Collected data
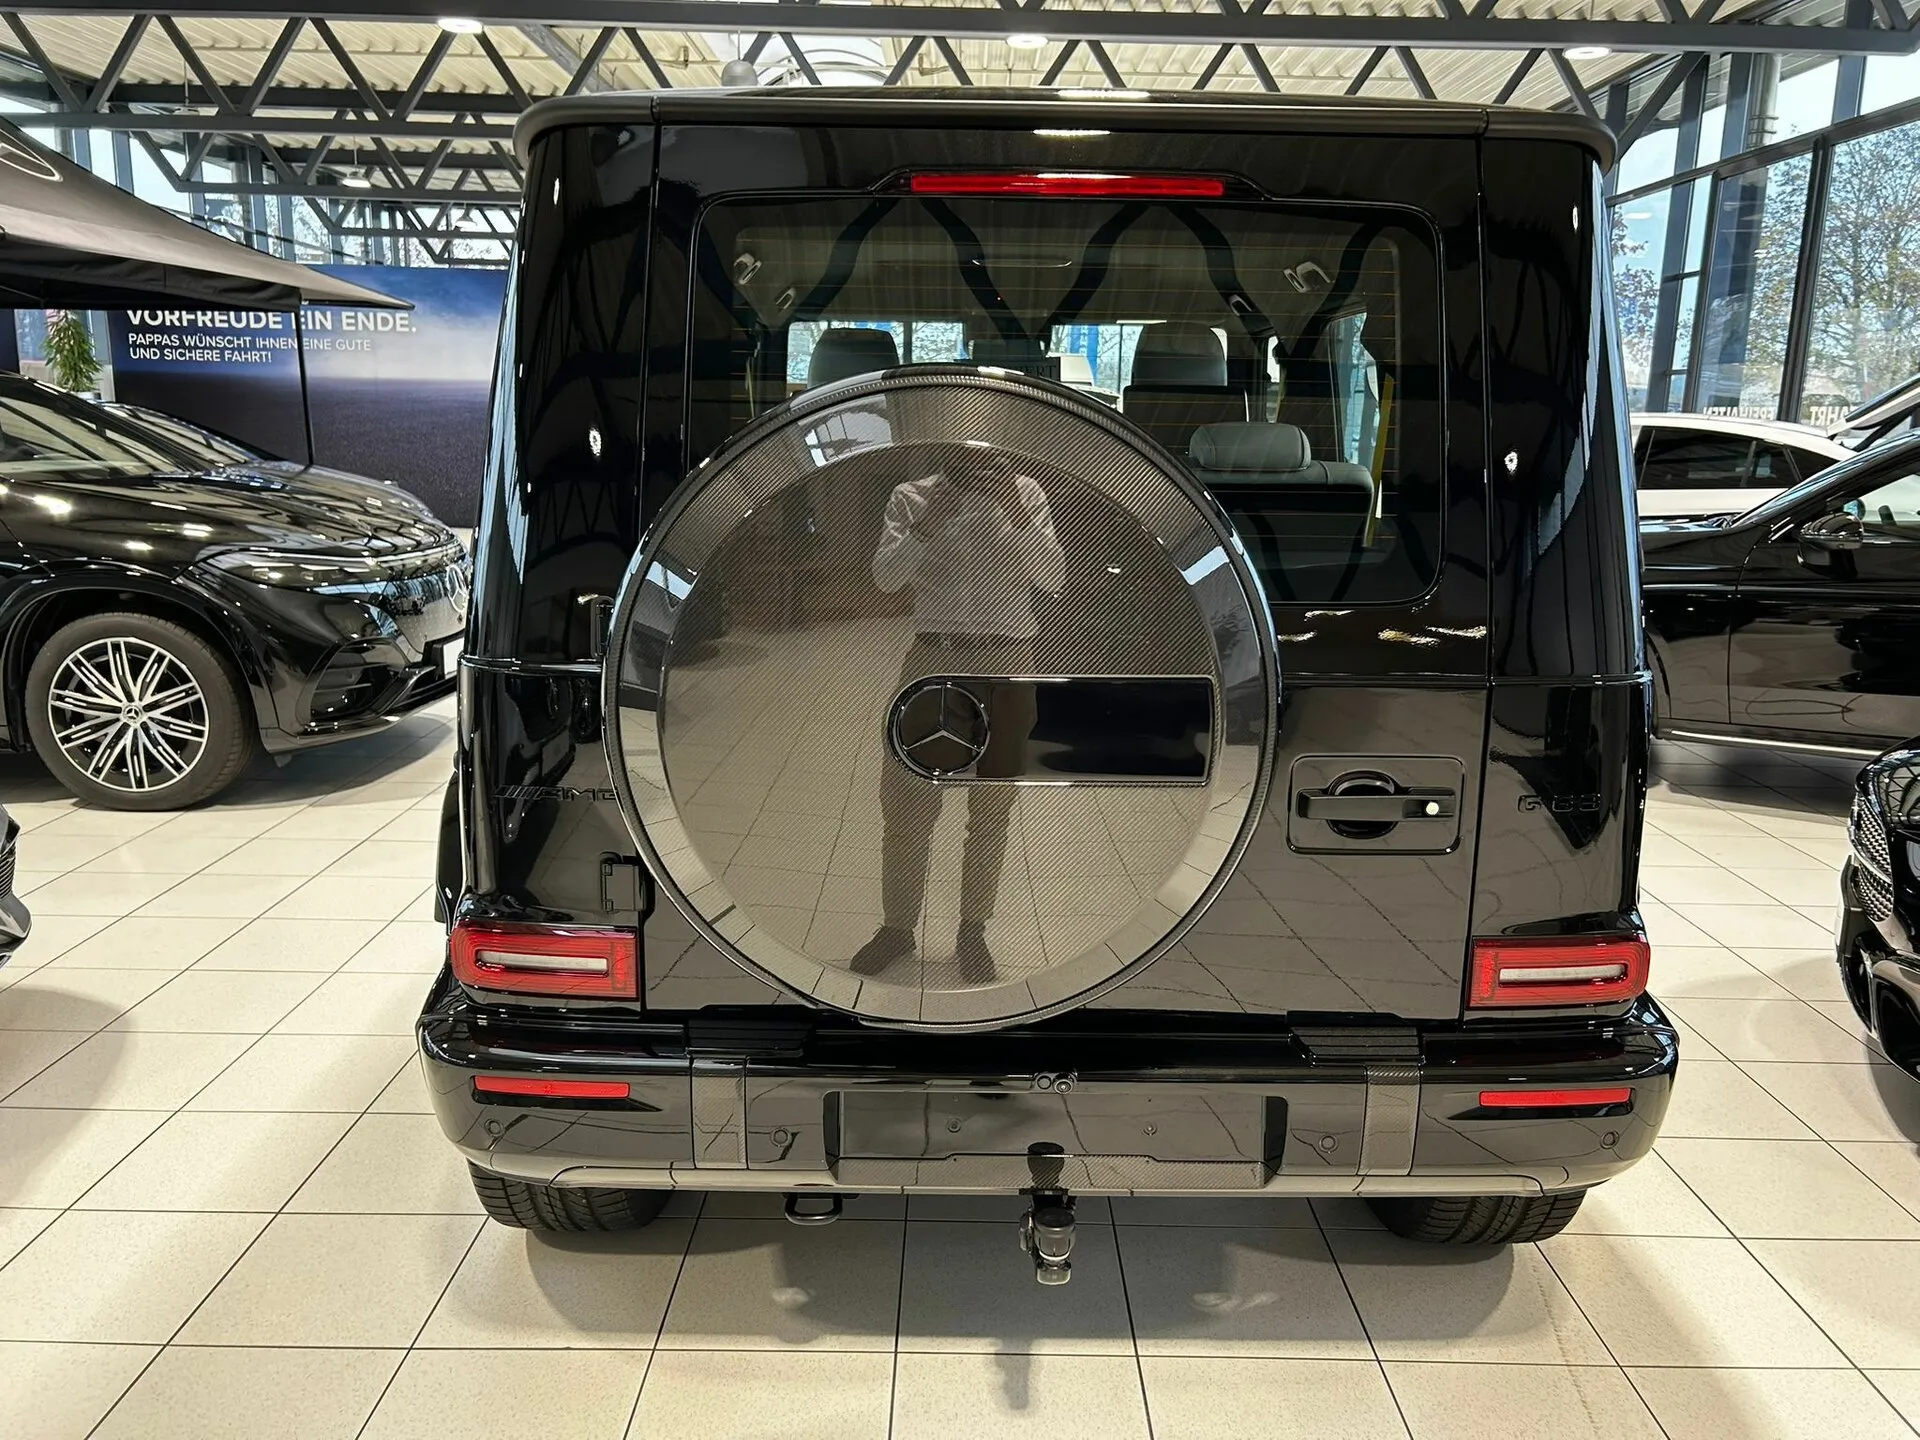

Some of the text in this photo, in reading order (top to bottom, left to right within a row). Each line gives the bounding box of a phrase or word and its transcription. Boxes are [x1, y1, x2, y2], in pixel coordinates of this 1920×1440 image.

[127, 310, 282, 329] VORFREUDE
[341, 311, 417, 333] ENDE.
[128, 333, 371, 351] PAPPAS WÜNSCHT IHNEN EINE GUTE
[130, 347, 272, 363] UND SICHERE FAHRT!
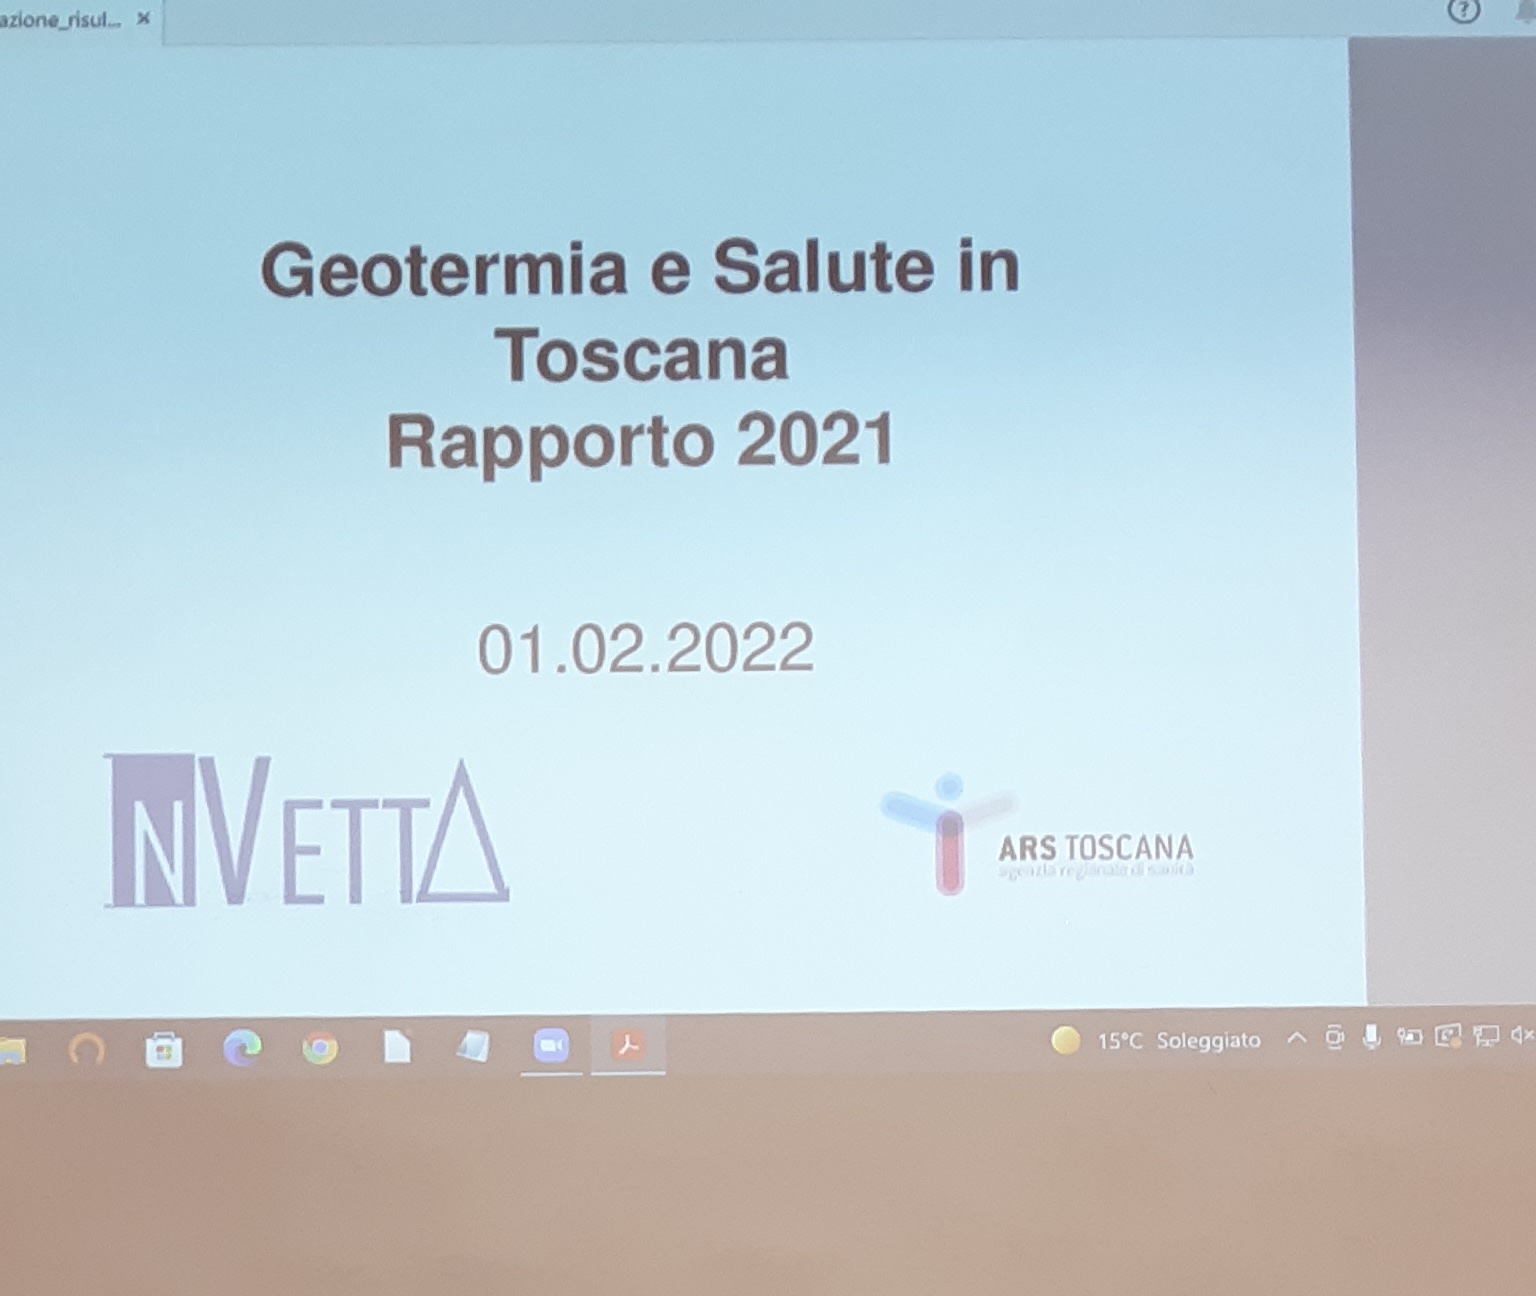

_What the exercise asks_: Write the entries out again word for word. Omit all pictures from them.

_Answer space_:
Some of the text in this photo, in reading order (top to bottom, left to right within a row). Each line gives the bounding box of a phrase or word and its transcription. Boxes are [x1, y1, x2, y2], in pixel coordinates of this 1920×1440 image.

[127, 310, 282, 329] VORFREUDE
[341, 311, 417, 333] ENDE.
[128, 333, 371, 351] PAPPAS WÜNSCHT IHNEN EINE GUTE
[130, 347, 272, 363] UND SICHERE FAHRT!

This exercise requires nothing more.